BUHARİ’NİN KAYNAKLARI ÖDEVİ

Esra USTA

20922776

Prof. Dr. Fuat Sezgin, ‘Buhârî’nin Kaynakları’ kitabının Önsözü’nde bu meseleyi araştırma sebebini ifade ederek başlamıştır. Sezgin, Ebû Ubeyde Ma‘mer b. el-Müsennâ’nın (h.209) Mecâzul-Kur’ân’ı üzerine çalışırken İmam Buhârî’nin (h.256) el-Câmiu’s-Sahîh el- Muhtasar min Umûri Rasulullah eserinde mezkûr kitaptan çokça alıntı yaptığını fark etmiştir. Ardından Sahîh-i Buhârî üzerine yaptığı tetkiklerde bu eserin her ne kadar bir hadis kitabı olsa da içerisinde filolojik açıklamaların bulunduğunu tespit etmiştir. Bunun neticesinde İmam Buhârî’nin malum kitabını salt hadis eseri olarak telif etmediğini ortaya koyulmuştur. Ayrıca Sezgin’in bu çalışması Buhârî’nin Sahîh’ini kendinden önceki yazılı musannefata dayandırarak oluşturduğunu, kısmen de olsa İslam Tarihi’nin kaynaklarına temas ettiğini tespit etmiştir. Velhasıl Buhârî, Ebû Ubeyde’nin Mecâzul-Kur’ân’ı ve Ferrâ’nın (h.207) Meânil- Kur’ân’ından yararlanmış ve bunlardan aktardığı filolojik malzemeyi yoğun olarak “kitab at-tafsir” babında nakletmiştir.

Bu tespitlerden anlaşıldığı gibi Buhârî sadece bir muhaddis olarak bu eser telif etmemiştir. O, hem Kur’ân’daki kelimelerin dilbilimsel açıklamaları için tefsir müktesebatından yararlanmış hem Fıkıh hem Siyer hem de İslam Tarihi kaynaklarını kullanarak Sahîh’ini yazmıştır. Bütün bunlar da Buhârî’nin “bilginin bütünlüğü” zihniyetine uygun olan bir ilim tahsili yaptığını ortaya koymuştur.

Buhârî’nin kaynakları çalışmasıyla Fuat Sezgin, İmam Buhârî’nin çok yönlü ilim insanlığını yine kendi çok yönlü ilmî kişiliği ve ilmî çalışmalarıyla ortaya koymuştur. Sezgin, bu tespitlerine disiplinlerarası çalışmalarıyla ulaşmıştır. Bu araştırma bize ilmi bir meselenin vazında “bilginin bütünlüğü” ilkesinden hareketle alanında uzman âlimlerle birlikte disiplinlerarası çalışmalar yapıldığında hakikatin zuhur edeceğini tebellür etmiştir.  

 


0 Yorum - Yorum Yaz


Selma ÖMÜR

20922730

M. Fuad Sezgin’in, bu eseri kendinden sonra gelen nesil için örnek teşkil edecek bir doktora tez çalışmasıdır. Eserin “Önsöz”ünde böyle bir konuyu seçme sebebi, bir hadis kitabının kaynaklarının daha önce üzerinde durulmamış olmasının verdiği zorluk ve eserin bölümlerinin nasıl tasnif edildiğinden bahseder.

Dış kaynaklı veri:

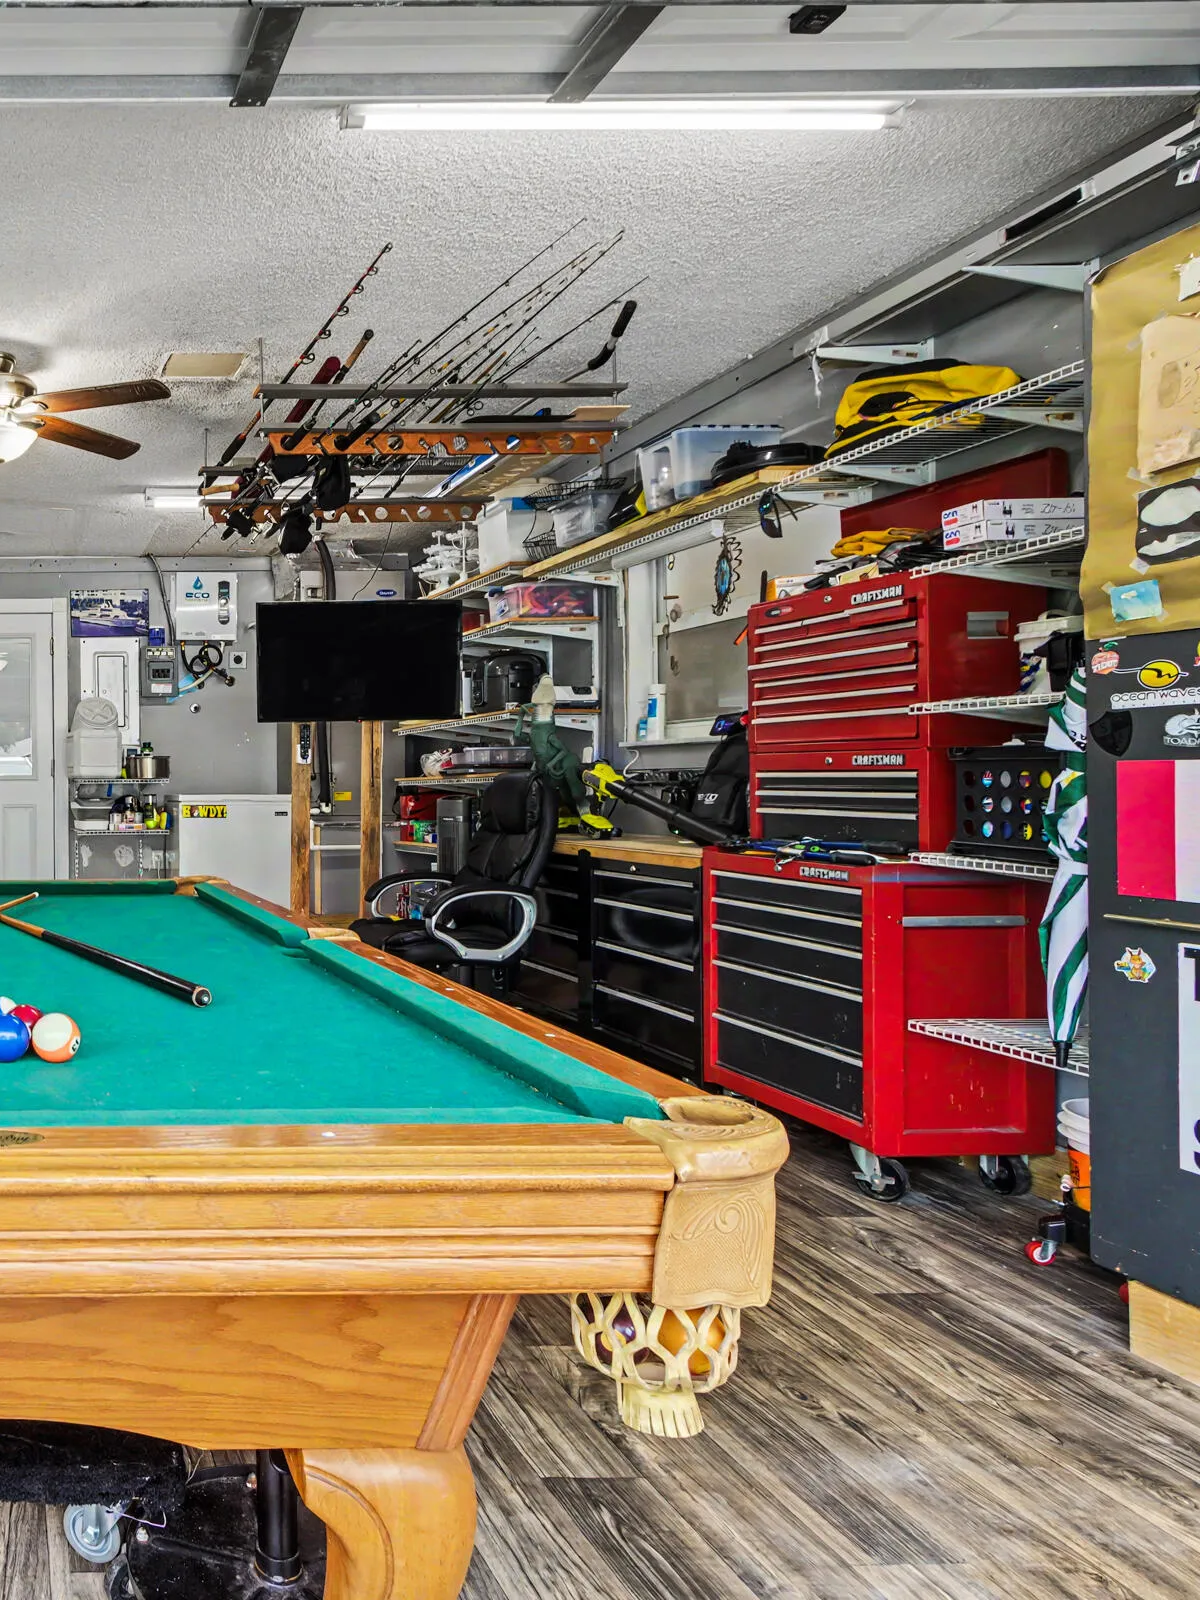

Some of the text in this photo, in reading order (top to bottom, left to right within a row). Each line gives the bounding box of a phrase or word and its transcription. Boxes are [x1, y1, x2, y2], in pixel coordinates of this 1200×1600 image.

Sezgin, Arap filologlarından Ebû Ubeyde (ö. 210)’nin Mecâzul Kur’ân’ı üzerine çalışırken Buhârî (ö.256)nin Sahih’inde mezkûr kitaptan çok fazla alıntıların olduğunu fark eder. Sahîh-i Buhârî gibi Hz. Peygamber (s.a.v)’in sünnetini toplamayı hedefleyen bir hadis kitabında filolojik bir tefsir kitabından alınma bilgilerin bulunması onu, Buhârî’nin filolojik eserlerle münasebeti ve Sahîh’inin musannef bir hadis kitabı sınırlarında olup olmadığı sorularının cevaplarını bulmaya itmiştir. Araştırmasının sonucunda Buhârî’nin;

1-        Hâkim anlayışın aksine Buhârî’nin sadece şifâhî malzemeyle eseri yazdığı görüşünün yanlış olduğunu, yazılı kaynaklardan da faydalandığını,

2-         Merfu‘ nitelikli hadislerden oluşan müsned bir hadis kitabı meydana getirmek şeklindeki prensibe bağlı kalmayarak isnadın ehemmiyetini ikinci dereceye indirdiğini,

3-        Eserinde Ebu Ubeyde’nin Mecâzu’l Kur’ân’ının yanı sıra (yine Arap filologlarından olan) Ferra (ö. 207)’nın Meâni’l Kur’ân’nından da alıntılar yaptığını tespit etmiştir.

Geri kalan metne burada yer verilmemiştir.